• _Aim of the exercise_
Type the entries out again exactly as they read, but leave every picture behind.

* * * * * * *

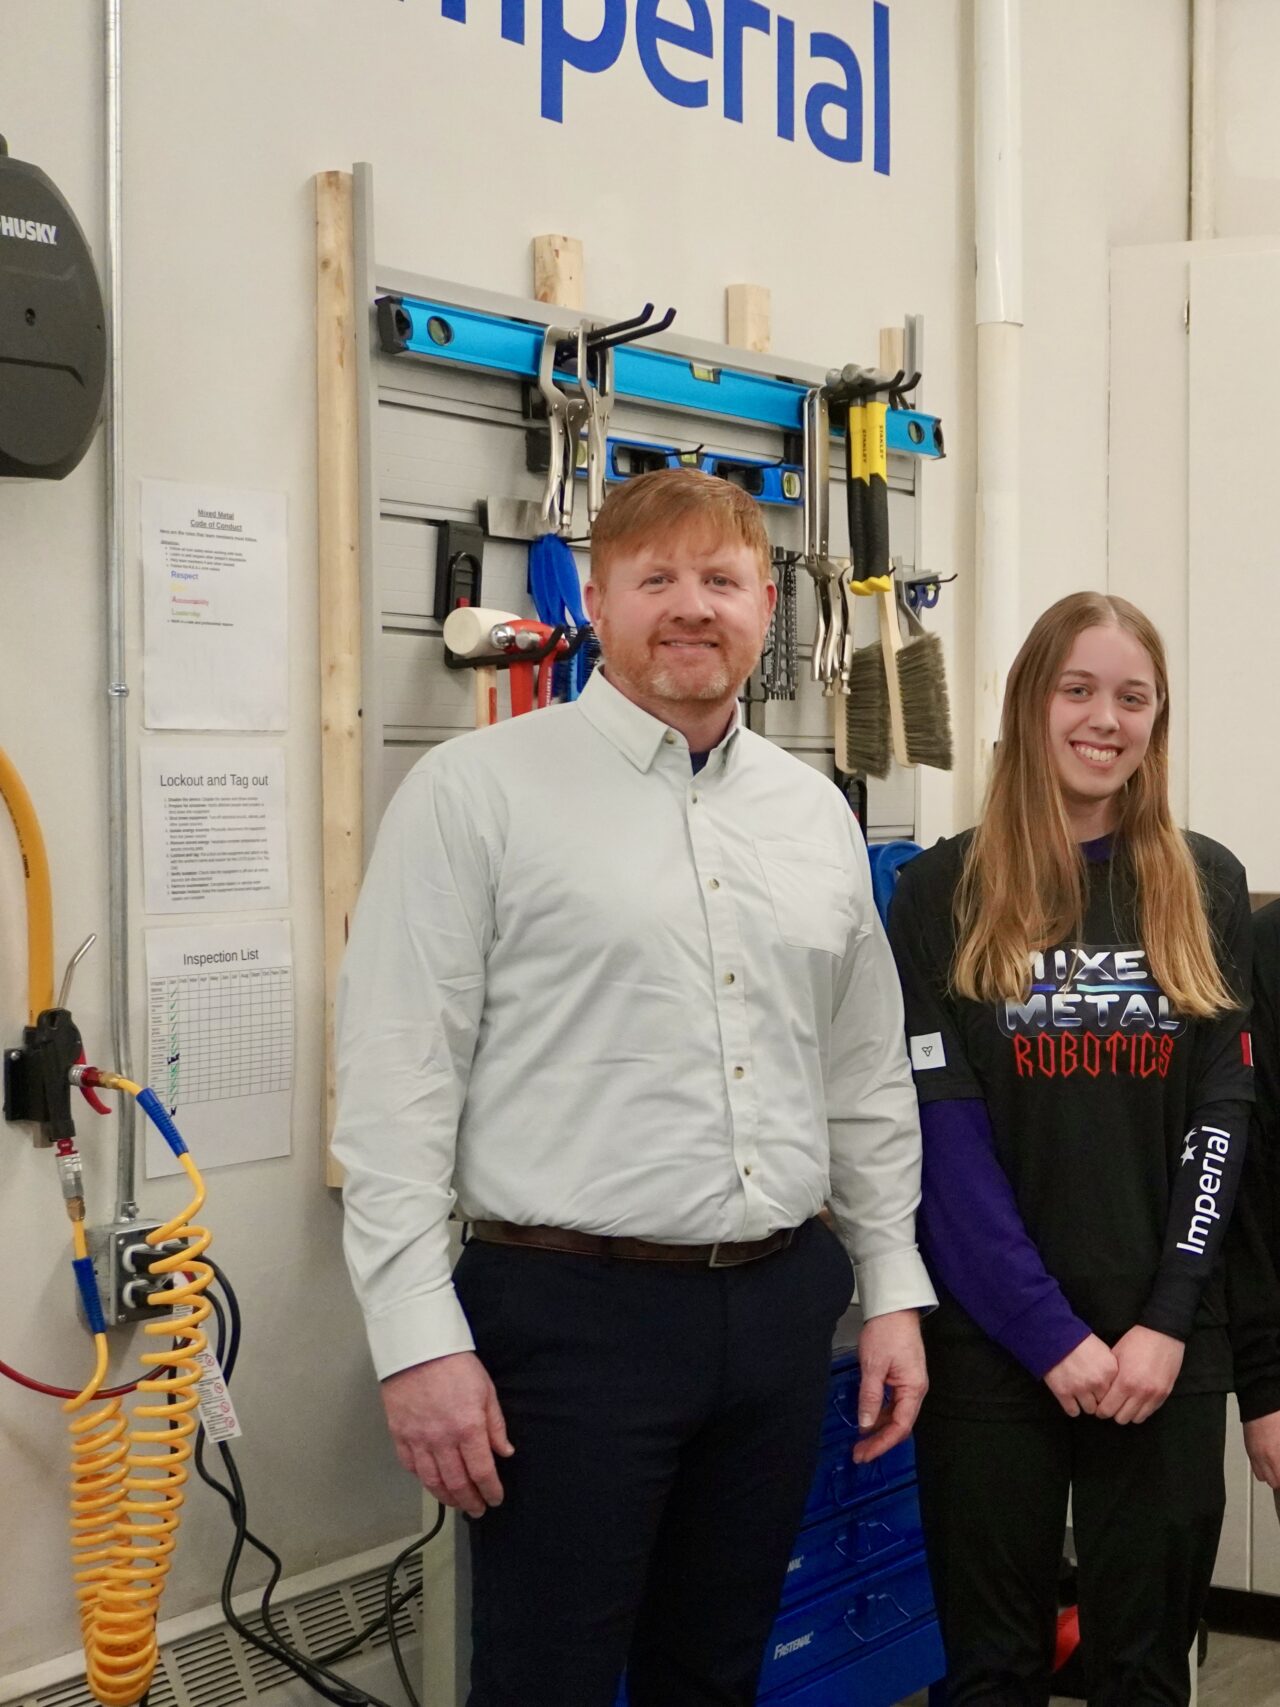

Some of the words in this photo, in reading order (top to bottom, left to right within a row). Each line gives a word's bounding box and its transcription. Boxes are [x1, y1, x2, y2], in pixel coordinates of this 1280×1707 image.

[398, 0, 891, 176] perial
[1, 215, 57, 245] HUSKY
[190, 519, 207, 528] Code
[216, 522, 243, 532] Conduct
[198, 509, 216, 519] Mixed
[218, 511, 234, 521] Metal
[160, 774, 204, 787] Lockout
[206, 774, 227, 787] and
[230, 774, 249, 789] Tag
[252, 775, 269, 787] out
[183, 950, 238, 968] Inspection
[241, 948, 259, 961] List
[1028, 947, 1149, 982] IXE
[1012, 1030, 1174, 1078] ROBOTICS
[1176, 1125, 1231, 1255] Imperial
[773, 1633, 813, 1660] FASTENAL
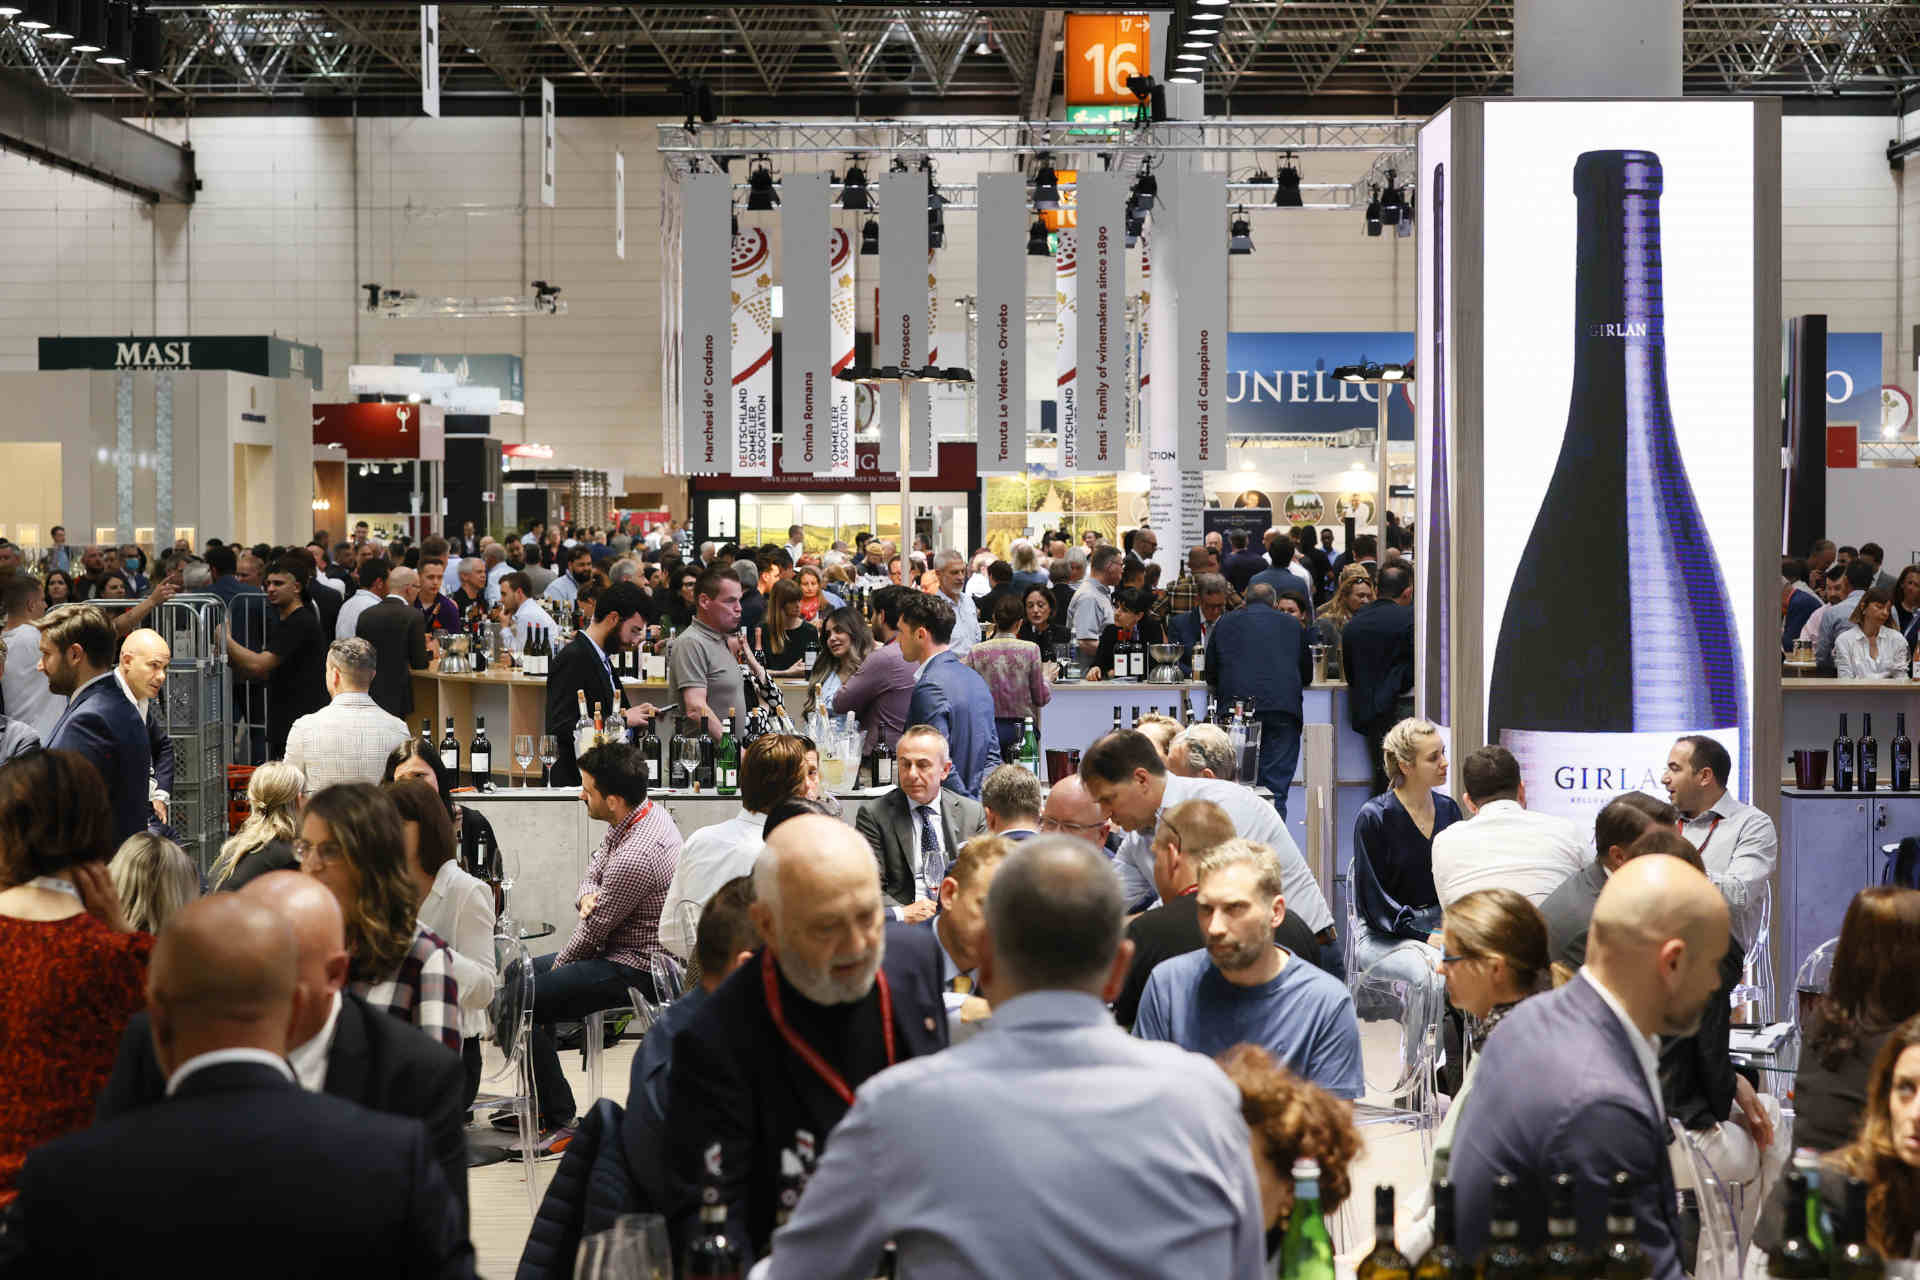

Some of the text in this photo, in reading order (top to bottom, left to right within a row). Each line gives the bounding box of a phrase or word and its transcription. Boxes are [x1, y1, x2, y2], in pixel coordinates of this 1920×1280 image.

[1120, 18, 1132, 32] 17
[1084, 43, 1139, 96] 16
[1097, 226, 1109, 256] 1890
[1098, 259, 1108, 289] since
[900, 314, 910, 369] Prosecco
[997, 304, 1008, 350] Orvieto
[1096, 292, 1108, 364] winemakers
[114, 342, 192, 366] MASI
[703, 334, 714, 386] Cordano
[1098, 367, 1108, 379] of
[997, 359, 1008, 402] Velette
[1097, 383, 1110, 420] Family
[1197, 329, 1210, 461] Fattoria di Calappiano
[702, 411, 714, 463] Marchesi
[738, 387, 748, 468] DEUTSCHLAND
[748, 406, 757, 468] SOMMELIER
[757, 395, 767, 468] ASSOCIATION
[803, 372, 814, 463] Omina Romana
[831, 406, 839, 468] SOMMELIER
[839, 395, 848, 468] ASSOCIATION
[998, 404, 1008, 418] Le
[1064, 388, 1075, 468] DEUTSCHLAND
[998, 421, 1009, 462] Tenuta
[1097, 430, 1108, 461] Sensi
[1555, 766, 1662, 790] GIRLA
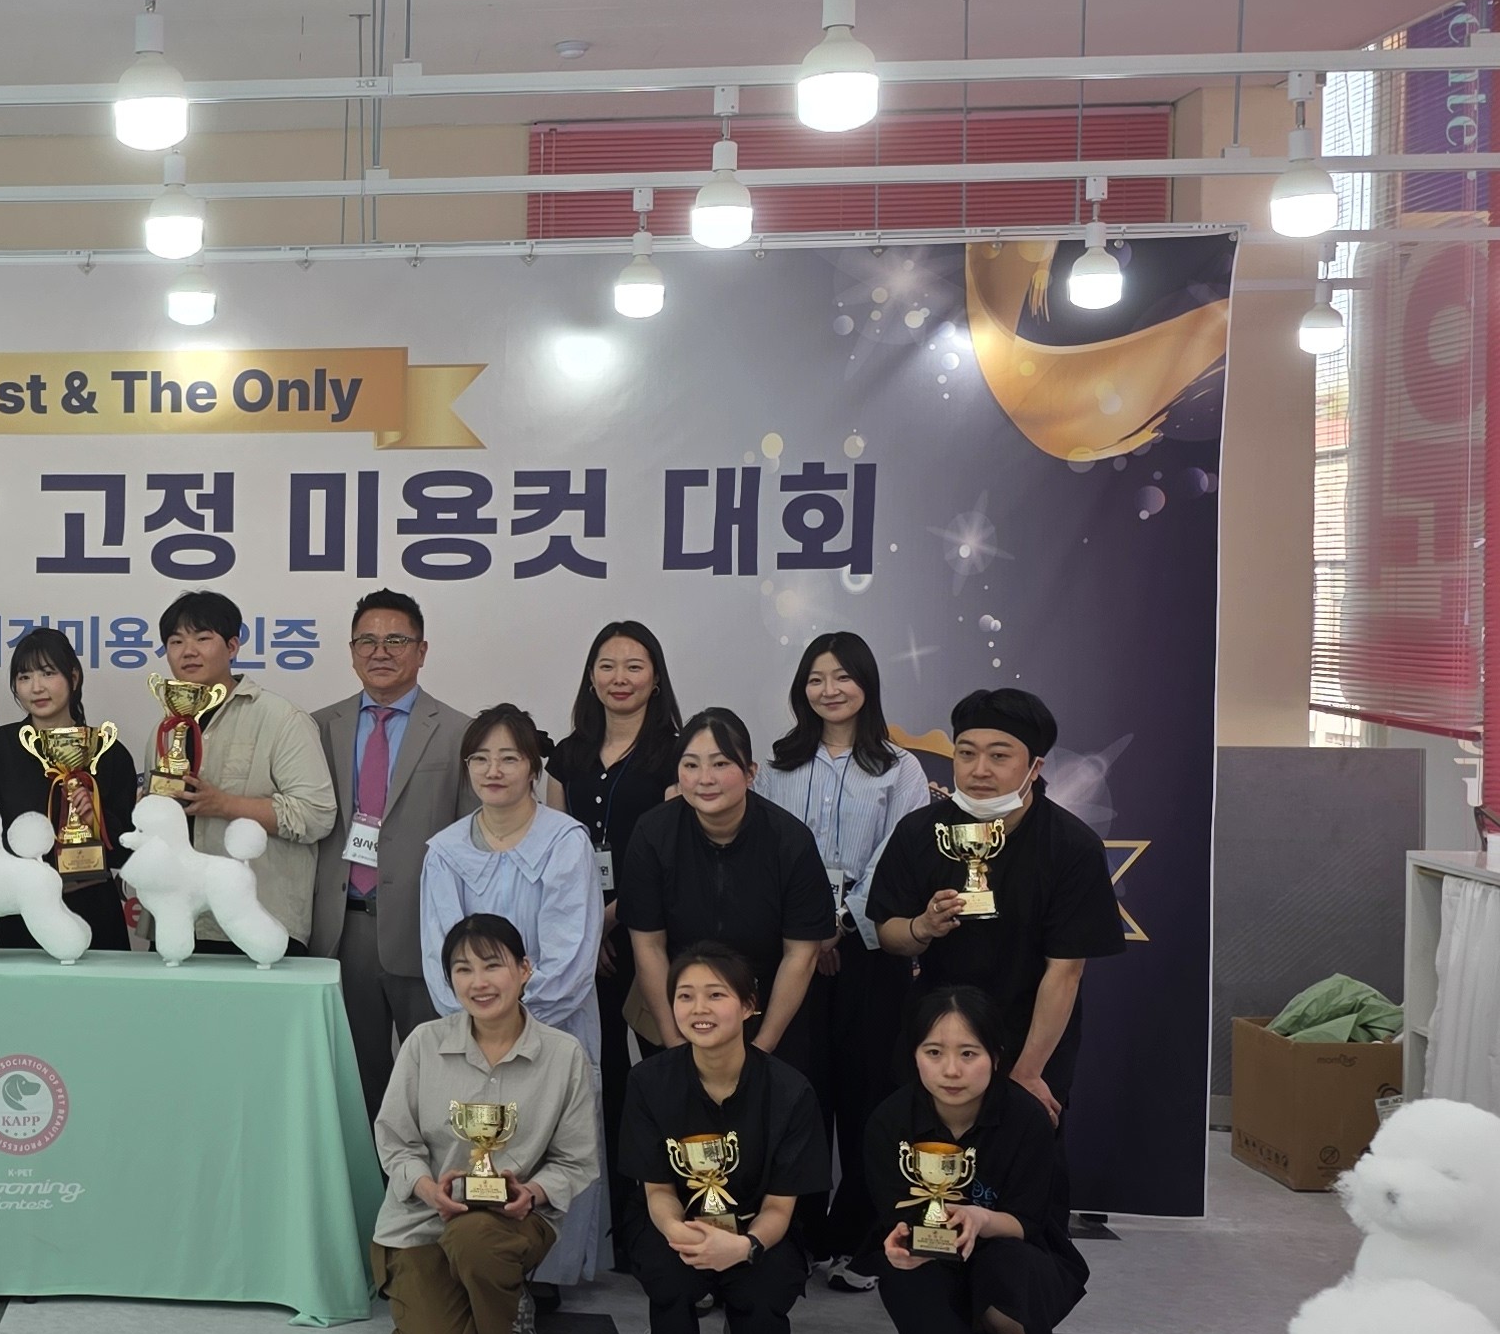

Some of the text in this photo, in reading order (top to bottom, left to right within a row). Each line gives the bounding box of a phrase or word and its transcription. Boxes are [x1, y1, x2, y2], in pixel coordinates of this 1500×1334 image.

[60, 370, 100, 415] &
[110, 370, 218, 415] The
[232, 368, 363, 424] Only
[35, 471, 236, 581] 고정
[288, 467, 609, 581] 미용컷
[661, 461, 878, 578] 대회
[230, 616, 321, 671] 인증
[48, 1074, 60, 1086] OF
[56, 1087, 66, 1106] PET
[1, 1115, 41, 1127] KAPP

* * * * * * *

• _Answer space_
Some of the words in this photo, in reading order (top to bottom, left to right within a row). Each line gives a word's bounding box and its transcription. Boxes are [x1, y1, x2, y2], in pixel coordinates of this 1280×1707 image.

[398, 0, 891, 176] perial
[1, 215, 57, 245] HUSKY
[190, 519, 207, 528] Code
[216, 522, 243, 532] Conduct
[198, 509, 216, 519] Mixed
[218, 511, 234, 521] Metal
[160, 774, 204, 787] Lockout
[206, 774, 227, 787] and
[230, 774, 249, 789] Tag
[252, 775, 269, 787] out
[183, 950, 238, 968] Inspection
[241, 948, 259, 961] List
[1028, 947, 1149, 982] IXE
[1012, 1030, 1174, 1078] ROBOTICS
[1176, 1125, 1231, 1255] Imperial
[773, 1633, 813, 1660] FASTENAL

Some of the text in this photo, in reading order (top to bottom, left to right within a row). Each line gives the bounding box of a phrase or word and its transcription. Boxes are [x1, y1, x2, y2], in pixel coordinates of this 1920×1280 image.

[1120, 18, 1132, 32] 17
[1084, 43, 1139, 96] 16
[1097, 226, 1109, 256] 1890
[1098, 259, 1108, 289] since
[900, 314, 910, 369] Prosecco
[997, 304, 1008, 350] Orvieto
[1096, 292, 1108, 364] winemakers
[114, 342, 192, 366] MASI
[703, 334, 714, 386] Cordano
[1098, 367, 1108, 379] of
[997, 359, 1008, 402] Velette
[1097, 383, 1110, 420] Family
[1197, 329, 1210, 461] Fattoria di Calappiano
[702, 411, 714, 463] Marchesi
[738, 387, 748, 468] DEUTSCHLAND
[748, 406, 757, 468] SOMMELIER
[757, 395, 767, 468] ASSOCIATION
[803, 372, 814, 463] Omina Romana
[831, 406, 839, 468] SOMMELIER
[839, 395, 848, 468] ASSOCIATION
[998, 404, 1008, 418] Le
[1064, 388, 1075, 468] DEUTSCHLAND
[998, 421, 1009, 462] Tenuta
[1097, 430, 1108, 461] Sensi
[1555, 766, 1662, 790] GIRLA

Some of the text in this photo, in reading order (top to bottom, left to right within a row). Each line gives the bounding box of a phrase or word and its transcription. Boxes are [x1, y1, x2, y2], in pixel coordinates of this 1500×1334 image.

[60, 370, 100, 415] &
[110, 370, 218, 415] The
[232, 368, 363, 424] Only
[35, 471, 236, 581] 고정
[288, 467, 609, 581] 미용컷
[661, 461, 878, 578] 대회
[230, 616, 321, 671] 인증
[48, 1074, 60, 1086] OF
[56, 1087, 66, 1106] PET
[1, 1115, 41, 1127] KAPP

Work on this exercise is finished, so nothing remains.